1) Improper Handling of Insufficient Permissions or Privileges (CVE-ID: CVE-2025-62176)
CWE-ID: CWE-280 - Improper Handling of Insufficient Permissions or Privileges
CVSSv4: CVSS:4.0/AV:N/AC:L/AT:N/PR:L/UI:N/VC:L/VI:N/VA:N/SC:N/SI:N/SA:N/E:U/U:Clear
The vulnerability allows a remote user to disclose sensitive information.
The vulnerability exists due to improper handling of insufficient permissions or privileges in the streaming server when handling subscriptions to public timeline channels using a valid authentication token without the read:statuses scope.
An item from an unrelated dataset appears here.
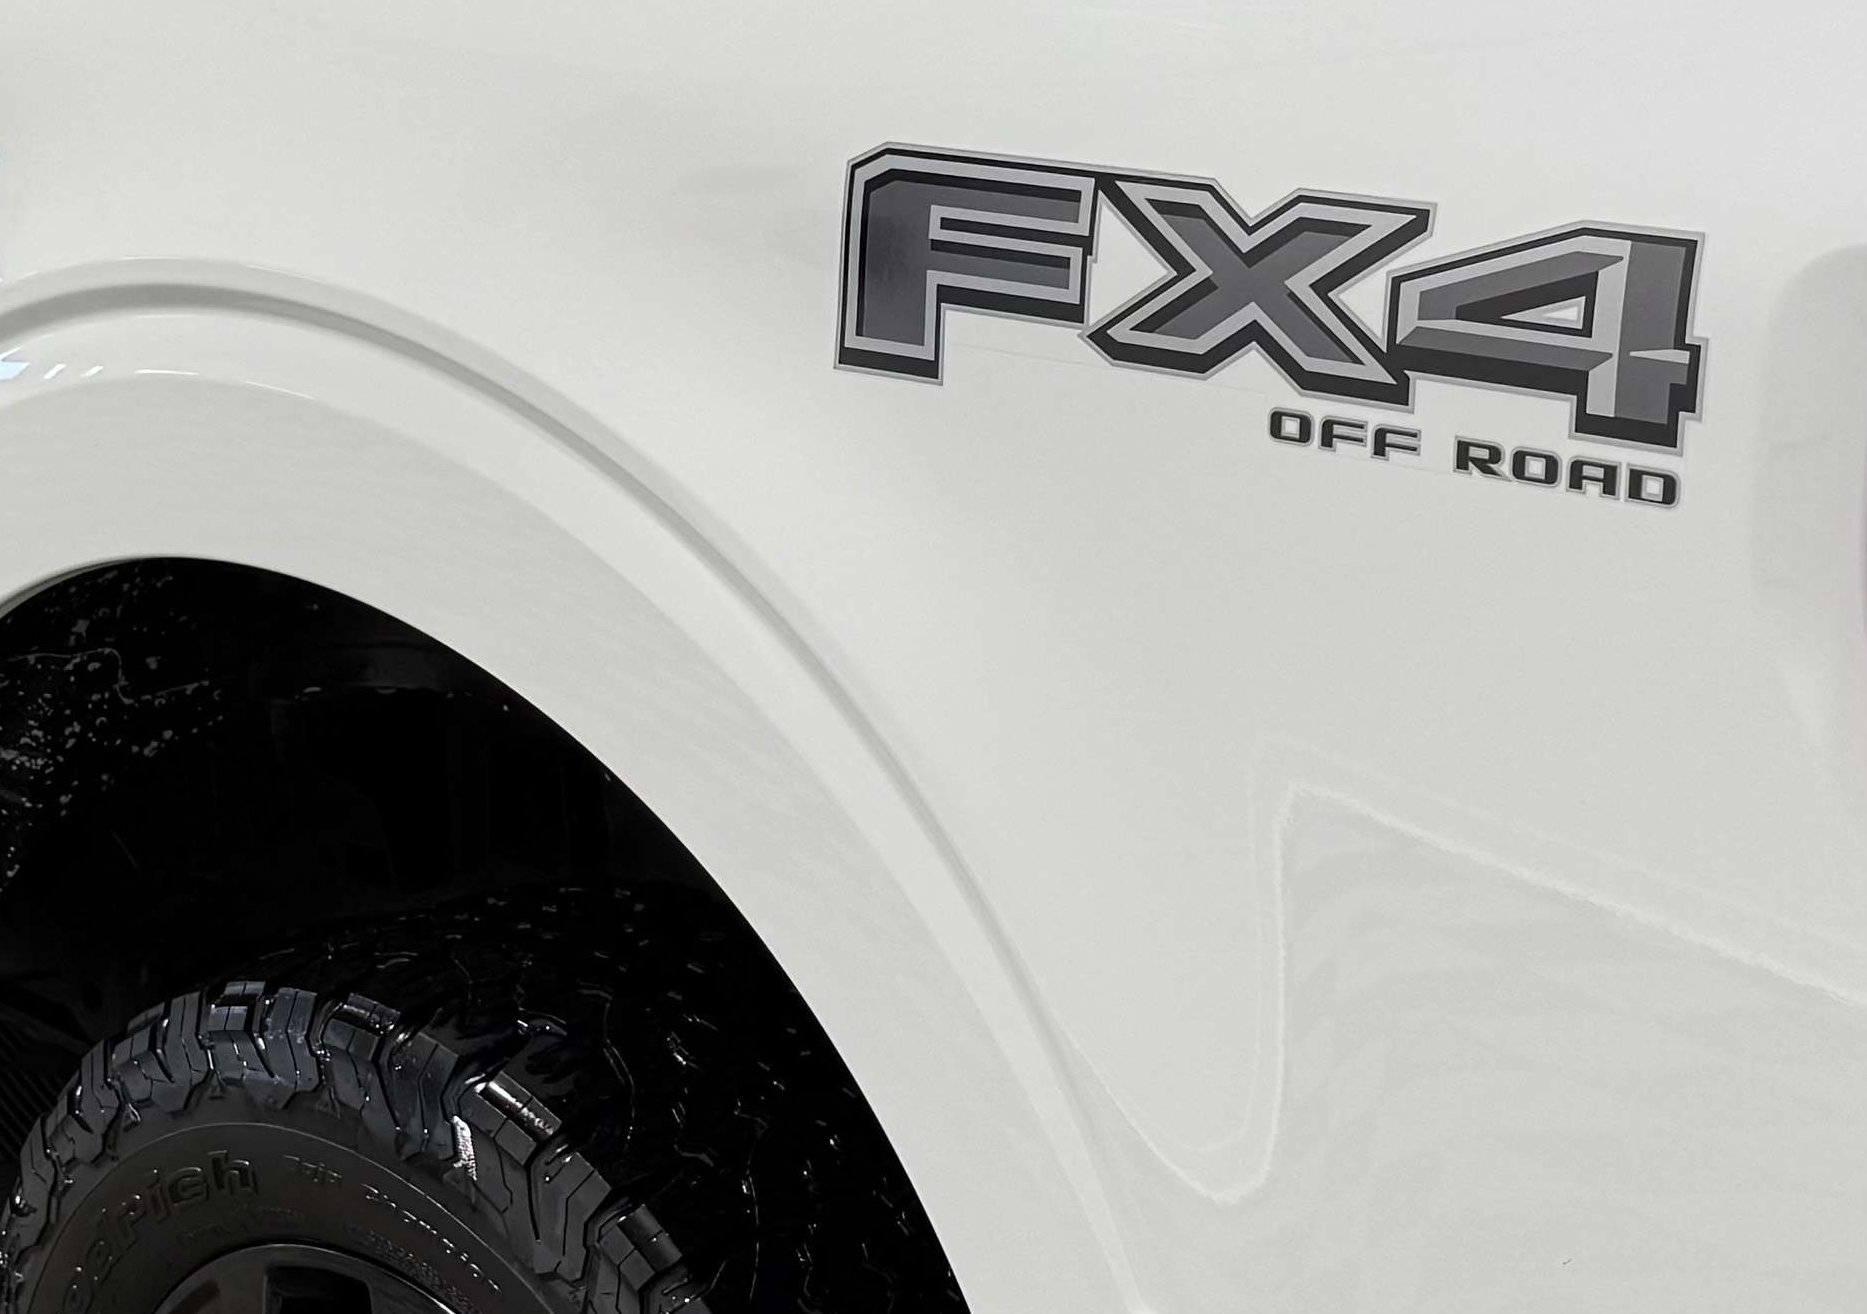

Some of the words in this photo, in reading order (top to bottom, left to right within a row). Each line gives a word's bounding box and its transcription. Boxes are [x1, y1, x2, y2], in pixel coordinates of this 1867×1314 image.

[832, 141, 1712, 456] FX4
[1267, 405, 1424, 464] OFF
[1451, 433, 1683, 512] ROAD
A remote user can use such a token to disclose sensitive information.
This only affects newly published public posts on public timelines and may result in unexpected access to public posts in limited-federation deployments.
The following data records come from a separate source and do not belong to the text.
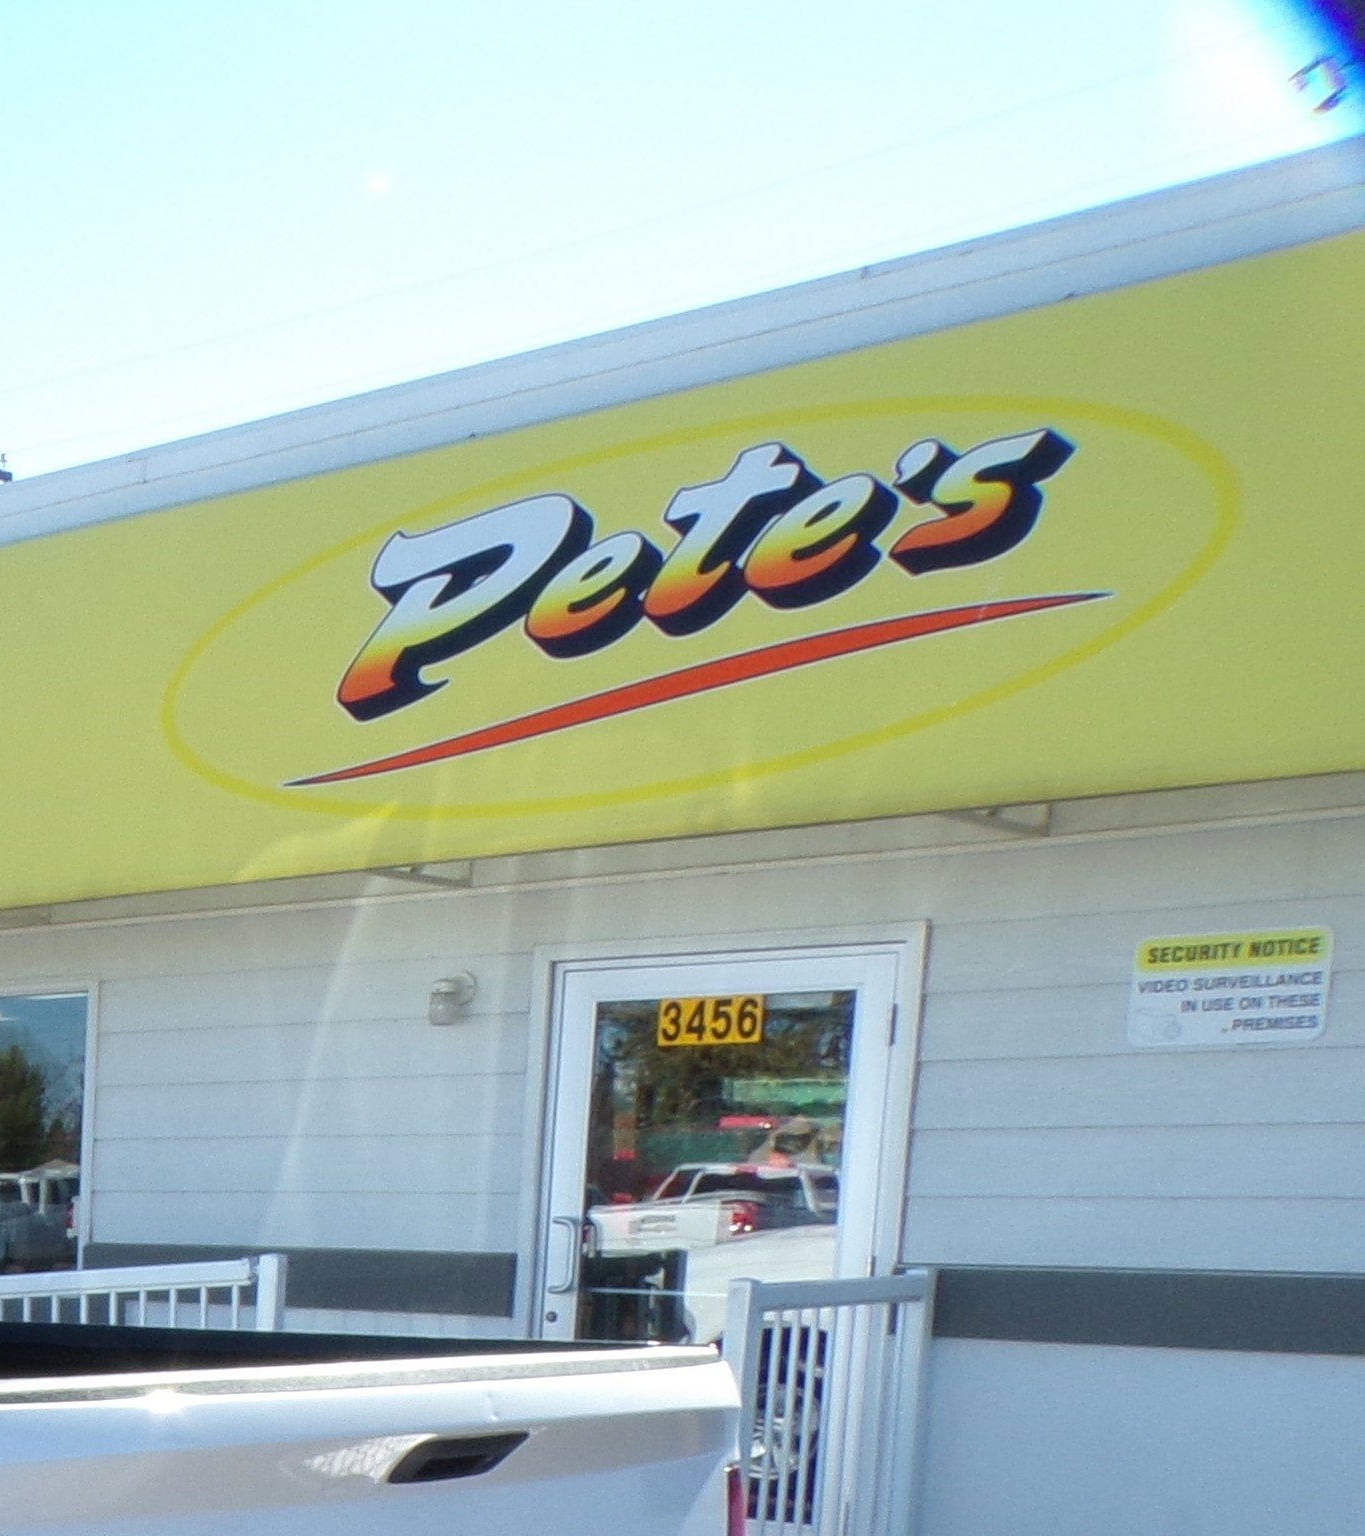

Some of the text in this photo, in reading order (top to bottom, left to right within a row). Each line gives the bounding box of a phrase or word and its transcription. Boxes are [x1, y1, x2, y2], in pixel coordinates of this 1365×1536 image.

[336, 428, 1077, 721] Pete's
[1147, 936, 1322, 964] SECURITY NOTICE
[1137, 970, 1323, 994] VIDEO SURVEILLANCE
[1180, 992, 1321, 1012] IN USE ON THESE
[661, 998, 760, 1041] 3456
[1231, 1014, 1319, 1031] PREMISES
2) Insufficient Session Expiration (CVE-ID: CVE-2025-62174)
CWE-ID: CWE-613 - Insufficient Session Expiration
CVSSv4: CVSS:4.0/AV:N/AC:L/AT:N/PR:L/UI:A/VC:L/VI:N/VA:N/SC:N/SI:N/SA:N/E:U/U:Clear
The vulnerability allows a remote user to continue using compromised sessions and access tokens to disclose sensitive information.
The vulnerability exists due to insufficient session expiration in session and access token handling when an administrator resets an account password via the CLI. A remote user can reuse previously issued sessions or access tokens to disclose sensitive information.
User interaction is required because an administrator must perform the password reset action.
3) Improper Handling of Insufficient Privileges (CVE-ID: CVE-2025-62175)
CWE-ID: CWE-274 - Improper Handling of Insufficient Privileges
CVSSv4: CVSS:4.0/AV:N/AC:L/AT:N/PR:L/UI:N/VC:L/VI:N/VA:N/SC:N/SI:N/SA:N/E:U/U:Clear
The vulnerability allows a remote user to disclose sensitive information.
The vulnerability exists due to improper handling of insufficient privileges in the streaming API when processing streaming API connections for disabled or suspended accounts. A remote user can reconnect to the streaming API after the account has been disabled or suspended to disclose sensitive information.
Disabled or suspended accounts may remain connected and continue receiving messages through the streaming API even though they cannot interact with other APIs.
Remediation
Install update from vendor's website.